### Work to be completed
Copy exactly the lines starting at the one that contains "this 1600×1066 image." and running through the end of the material below. Exclude any pictures.

### Source data
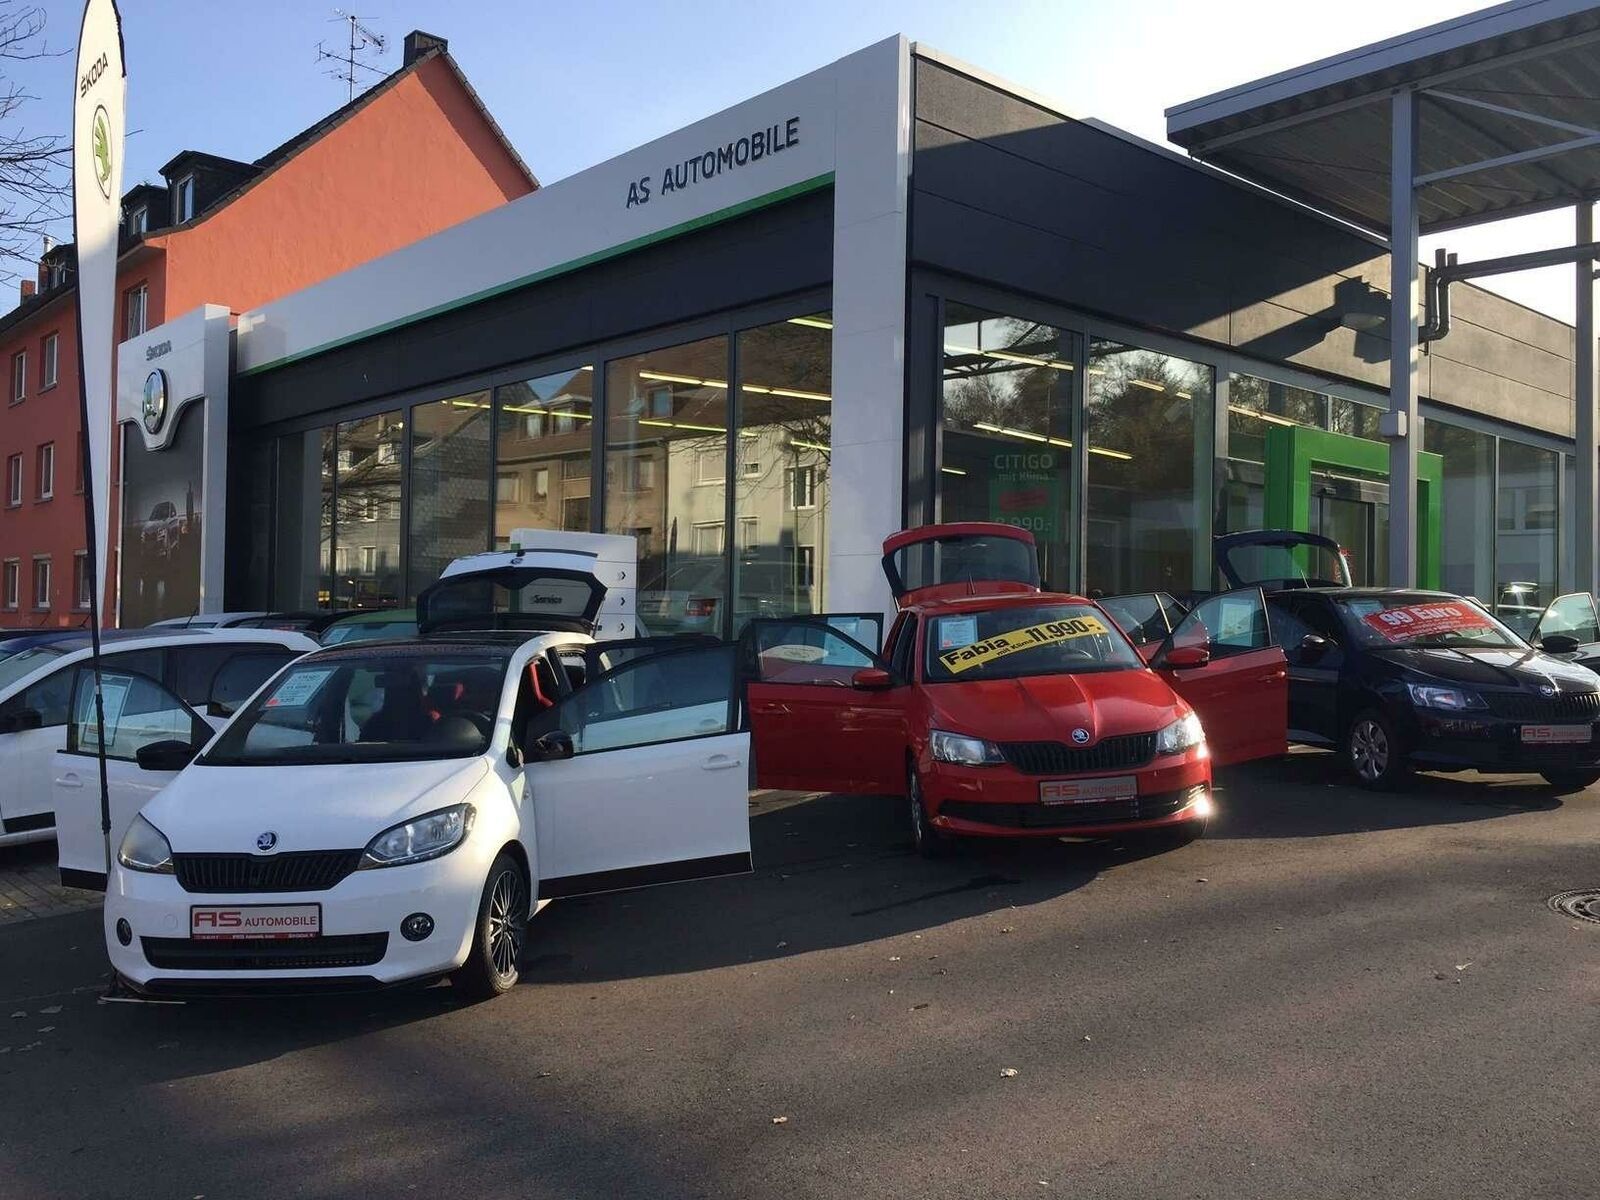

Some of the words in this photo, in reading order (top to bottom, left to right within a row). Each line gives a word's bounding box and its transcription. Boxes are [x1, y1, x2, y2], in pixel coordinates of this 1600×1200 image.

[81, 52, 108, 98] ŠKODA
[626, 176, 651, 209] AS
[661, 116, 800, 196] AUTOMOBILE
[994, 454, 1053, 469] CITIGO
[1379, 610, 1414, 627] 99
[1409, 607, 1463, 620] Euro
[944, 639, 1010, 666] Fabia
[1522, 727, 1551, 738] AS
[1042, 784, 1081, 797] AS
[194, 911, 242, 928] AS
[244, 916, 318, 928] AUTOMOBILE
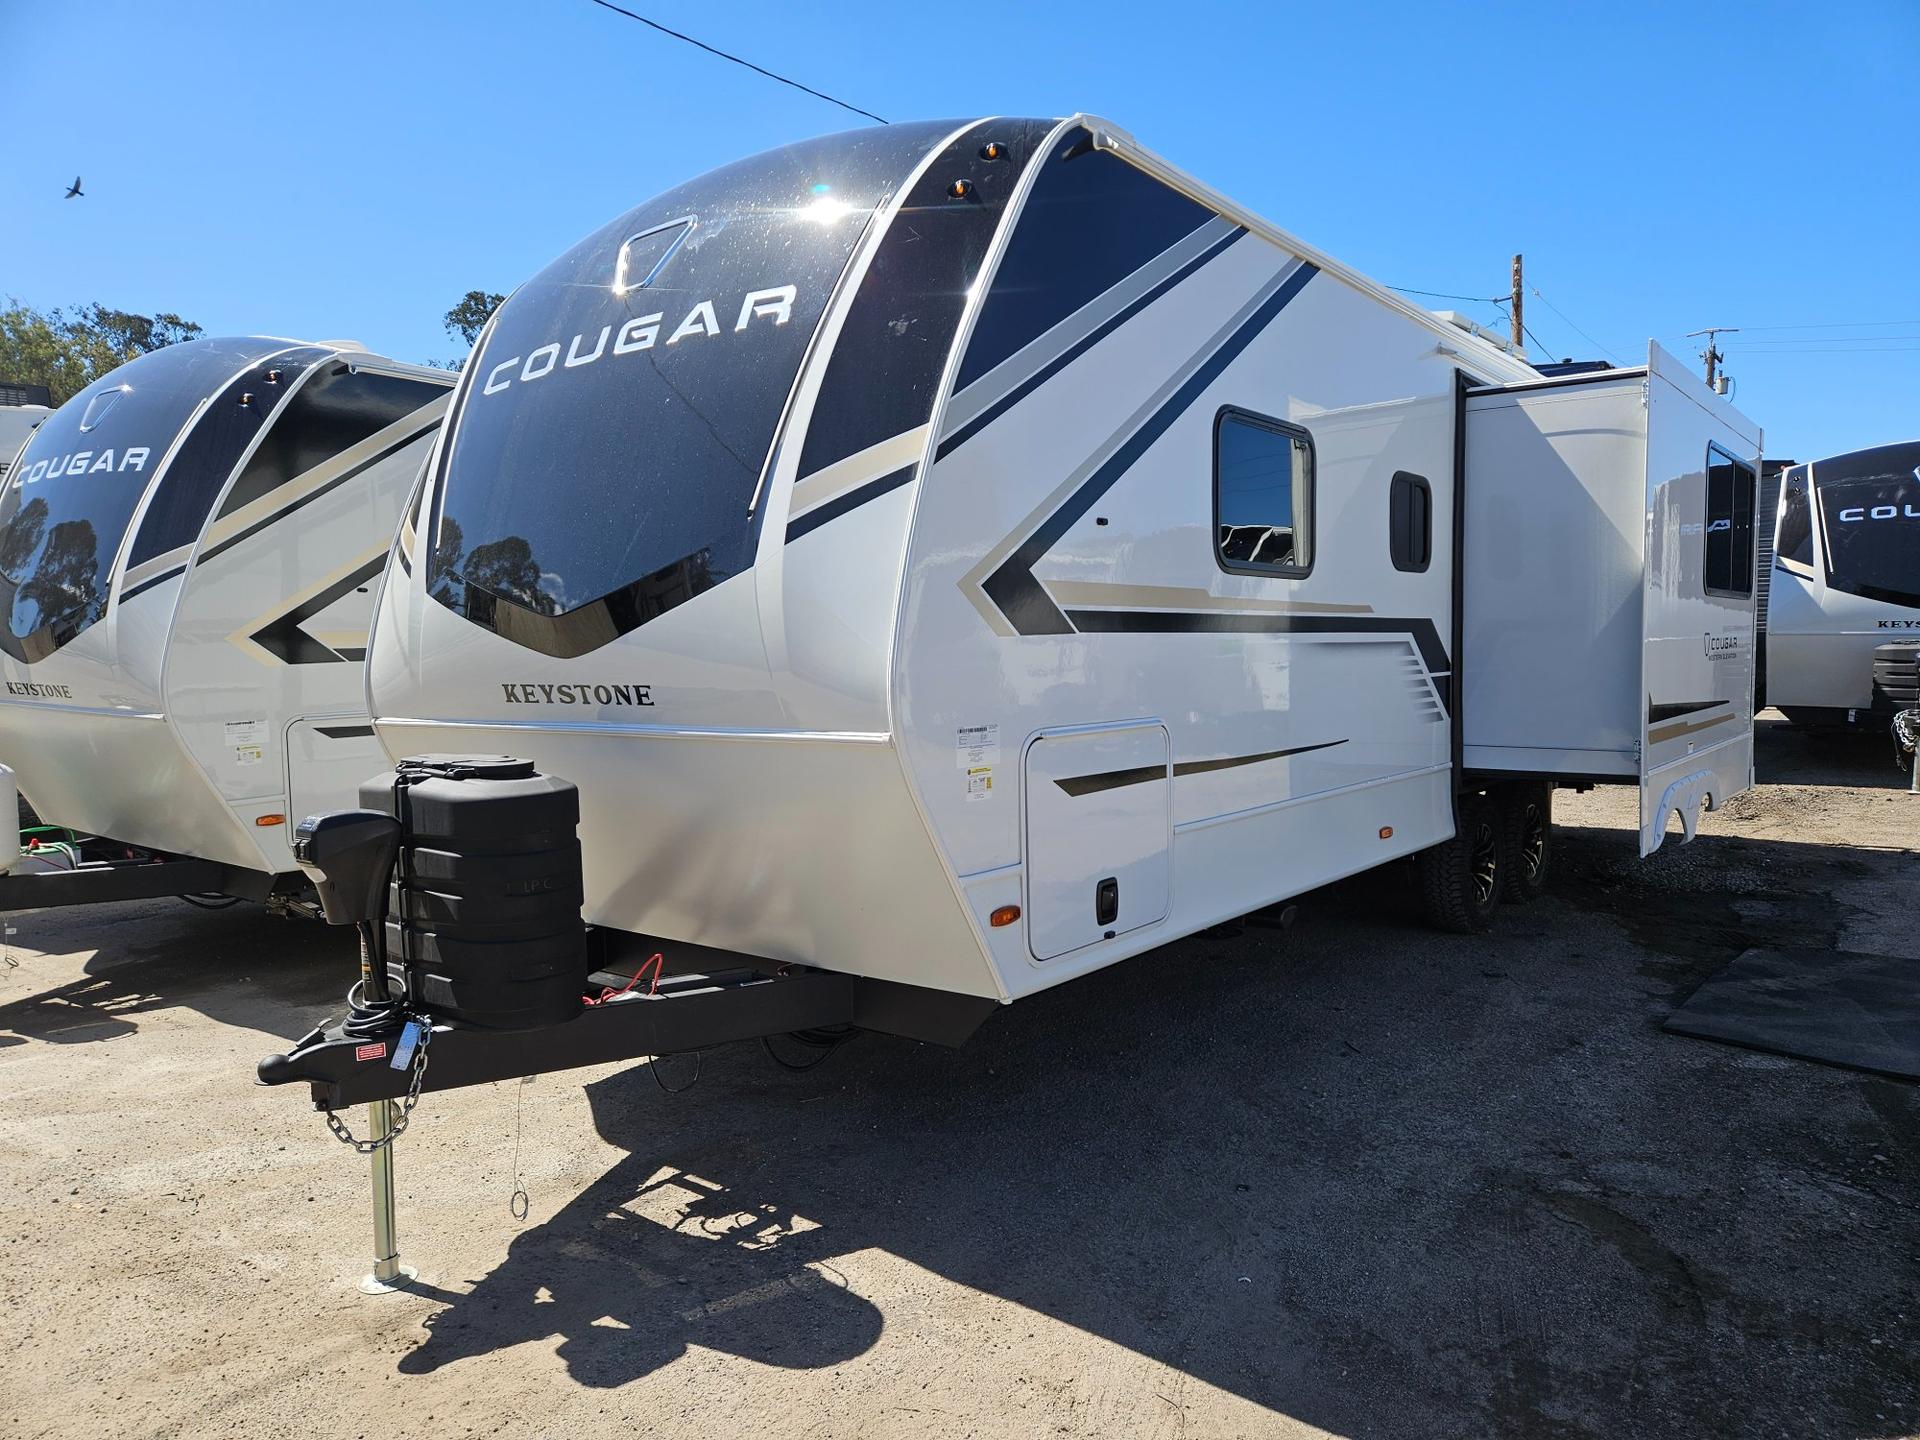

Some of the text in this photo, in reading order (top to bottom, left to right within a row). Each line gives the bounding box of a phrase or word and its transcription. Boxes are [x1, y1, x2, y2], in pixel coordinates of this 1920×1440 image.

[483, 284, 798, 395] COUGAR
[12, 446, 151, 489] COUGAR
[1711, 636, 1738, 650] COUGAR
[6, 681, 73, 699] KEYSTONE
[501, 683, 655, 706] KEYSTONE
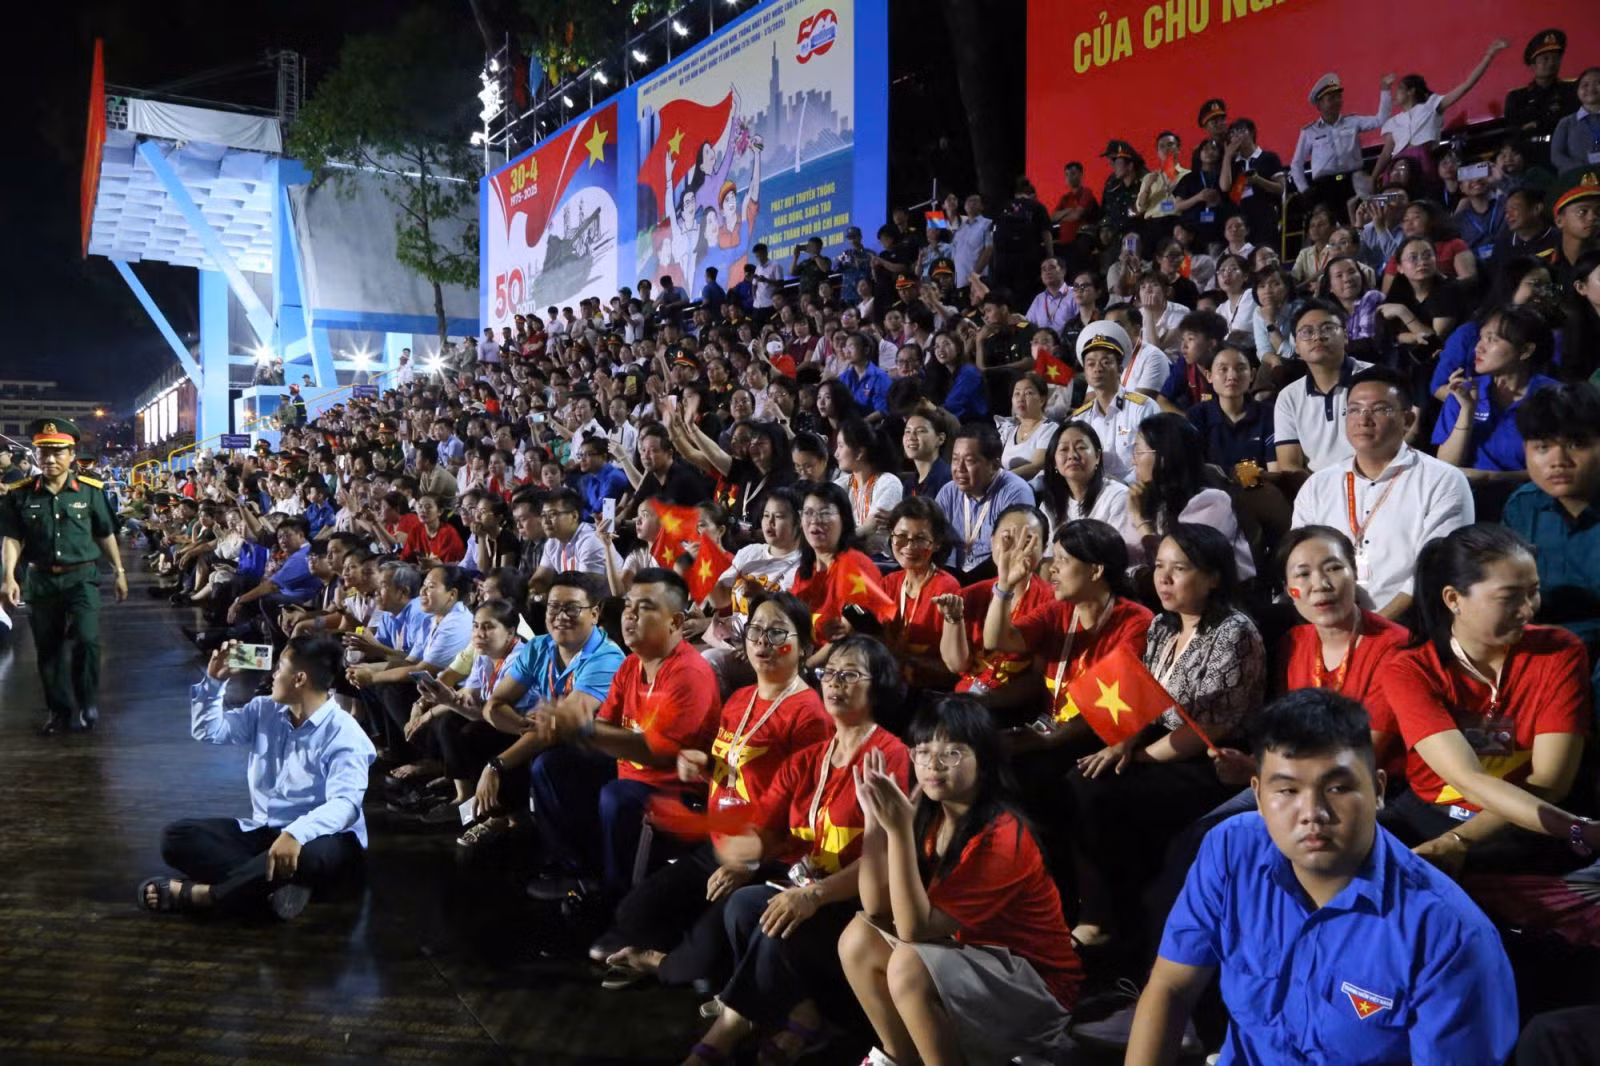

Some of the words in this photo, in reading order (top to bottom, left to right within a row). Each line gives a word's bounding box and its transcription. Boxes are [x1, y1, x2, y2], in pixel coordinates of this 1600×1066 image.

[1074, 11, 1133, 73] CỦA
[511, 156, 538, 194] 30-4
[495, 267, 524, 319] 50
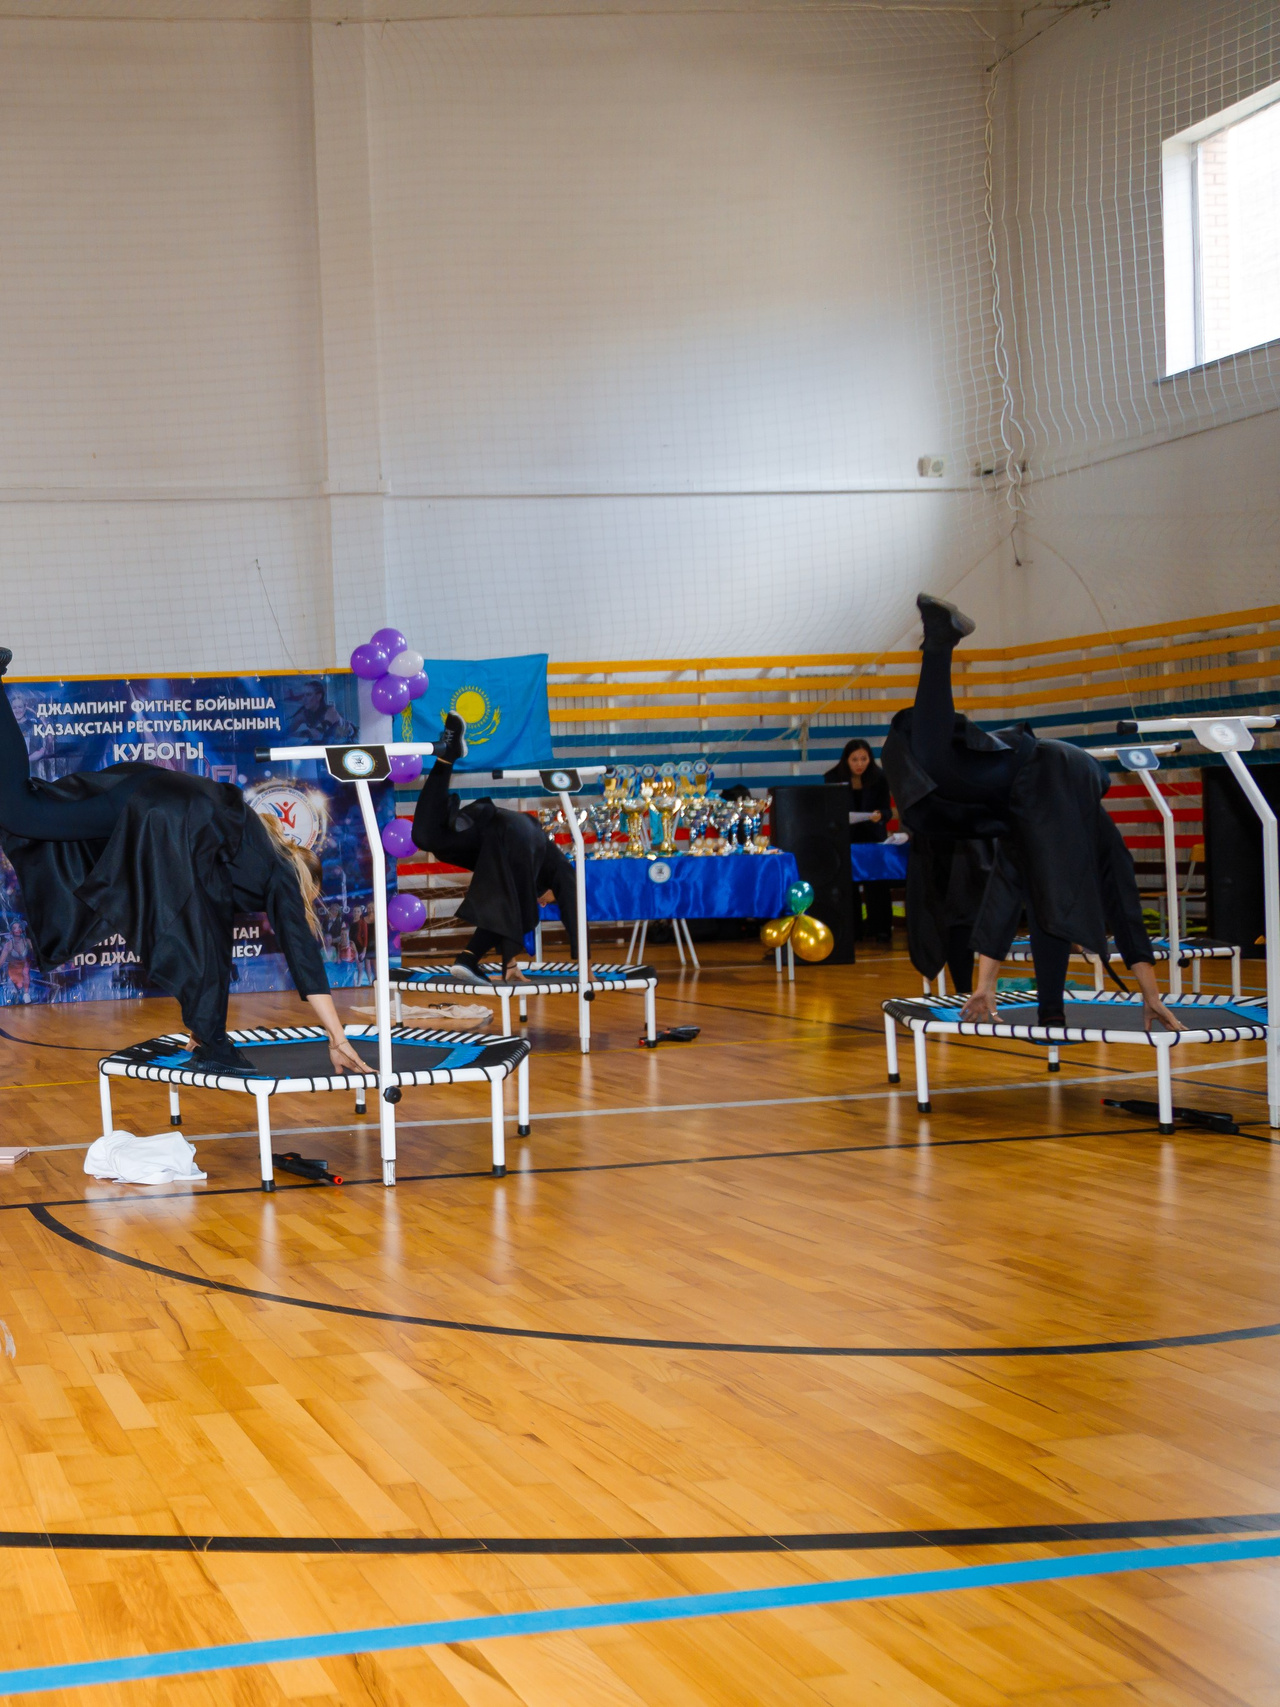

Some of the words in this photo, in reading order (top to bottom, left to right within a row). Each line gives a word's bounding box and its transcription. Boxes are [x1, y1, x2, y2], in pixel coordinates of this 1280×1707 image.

### Expected answer
Some of the words in this photo, in reading order (top to bottom, left to right within a row). Each line gives a word's bounding box and its transcription. Boxes are [x1, y1, x2, y2], in pixel coordinates of this 1600×1066 image.

[1074, 11, 1133, 73] CỦA
[511, 156, 538, 194] 30-4
[495, 267, 524, 319] 50

Some of the words in this photo, in reading order (top to bottom, left to right within a row). Each line gives a word's bounding box and its transcription. Boxes are [x1, y1, x2, y2], in pixel coordinates of this 1280×1707 image.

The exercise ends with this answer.